Clinton made disaster declarations even before the hurricane hit. And oh yes, he did something else: He cancelled pleasing vacation plans so he could be at his desk when the hurricane hit. Last week, of course, Bush 43 still lounged in Crawford as Katrina bore down on the U.S. coast; on Day 2, he flew off to make a speech in San Diego even after New Orleans’ levees had breached. (The levees gave way on Monday; Bush flew to San Diego on Tuesday.) No, our cursory review doesn’t make us experts in federal reaction time. But we thought we saw a difference in the way these presidents acted.

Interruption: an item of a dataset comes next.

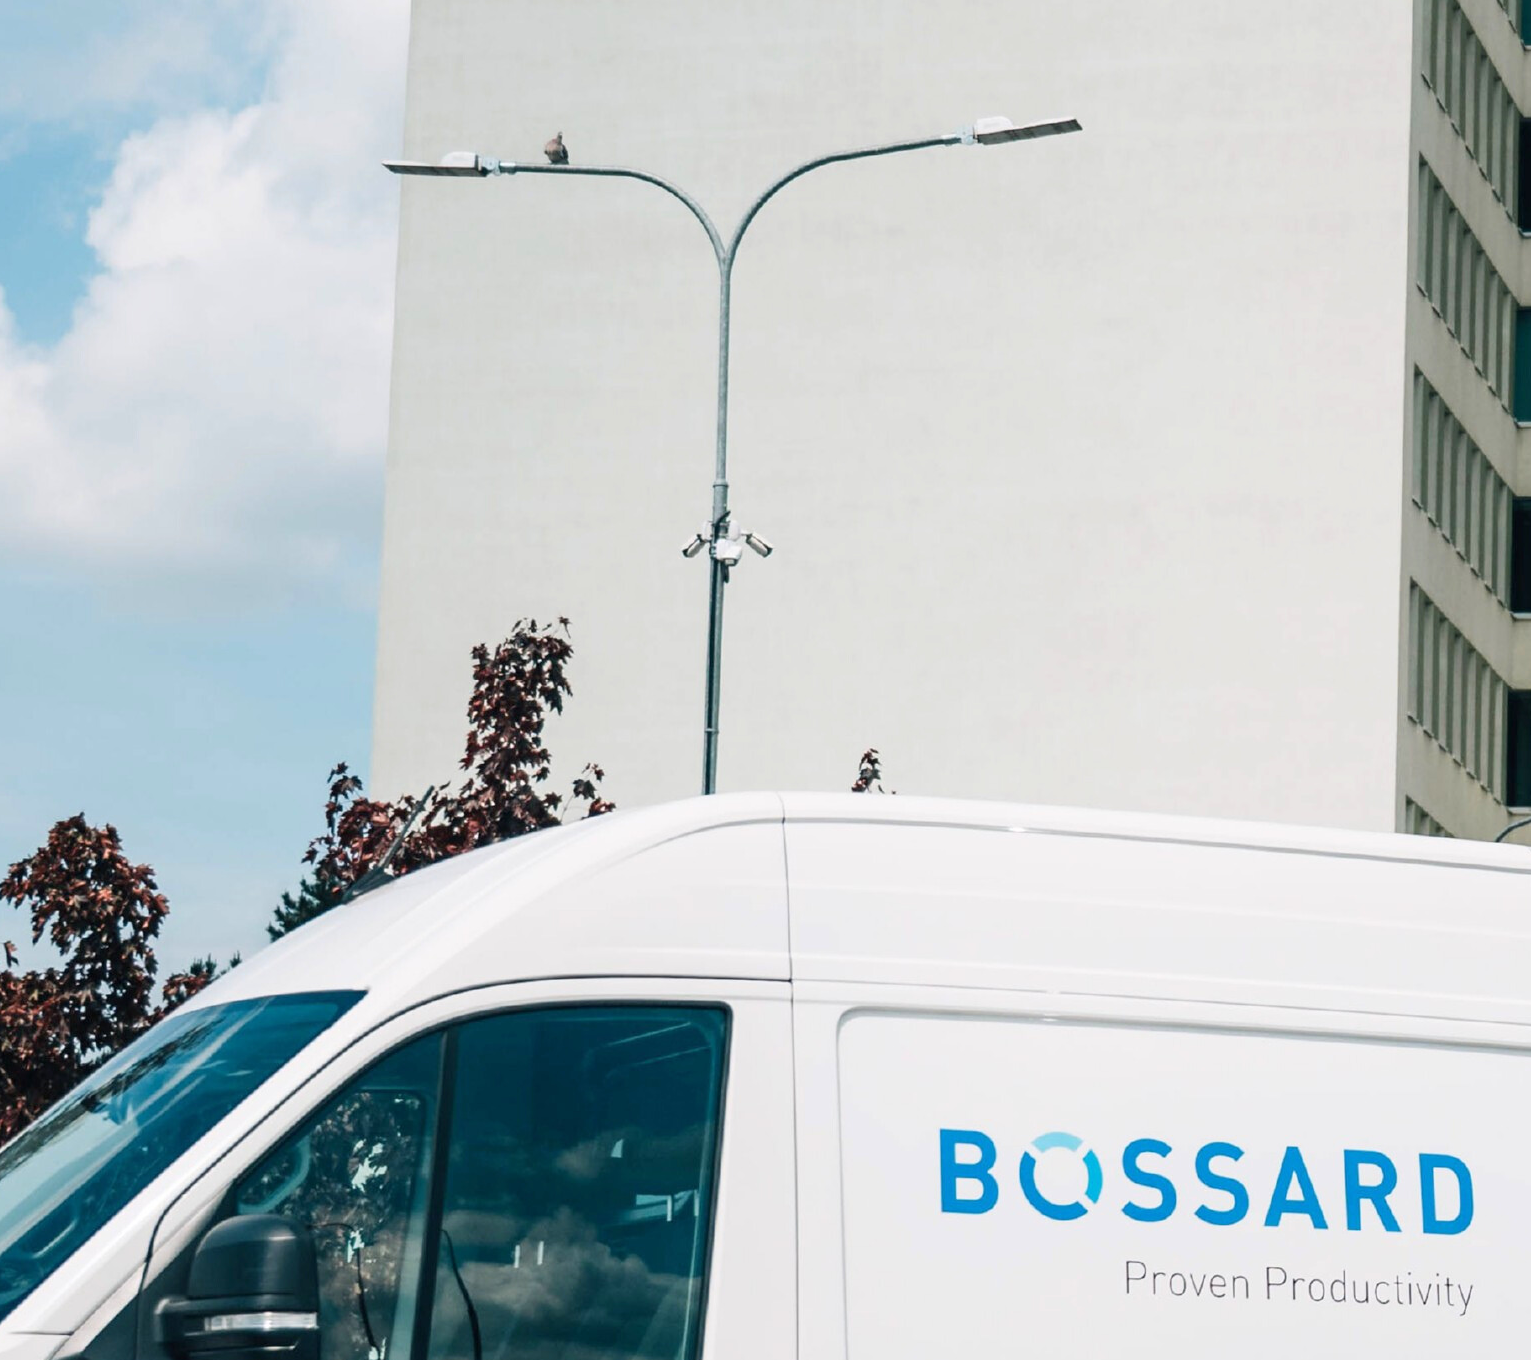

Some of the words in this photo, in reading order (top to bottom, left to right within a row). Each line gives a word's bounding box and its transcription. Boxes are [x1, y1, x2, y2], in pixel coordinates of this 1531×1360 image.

[939, 1128, 1474, 1236] BOSSARD
[1125, 1260, 1249, 1299] Proven
[1265, 1266, 1474, 1316] Productivity

All that was needed was just a quick "I'm not satisfied with my government's response." Instead of hiding behind phrases like "no one could have foreseen," had he only remembered Winston Churchill's quote from the 1930's. "The responsibility," of government, Churchill told the British Parliament, "for the public safety is absolute and requires no mandate. It is in fact, the prime object for which governments come into existence." In forgetting that, the current administration did not merely damage itself — it damaged our confidence in our ability to rely on whoever is in the White House.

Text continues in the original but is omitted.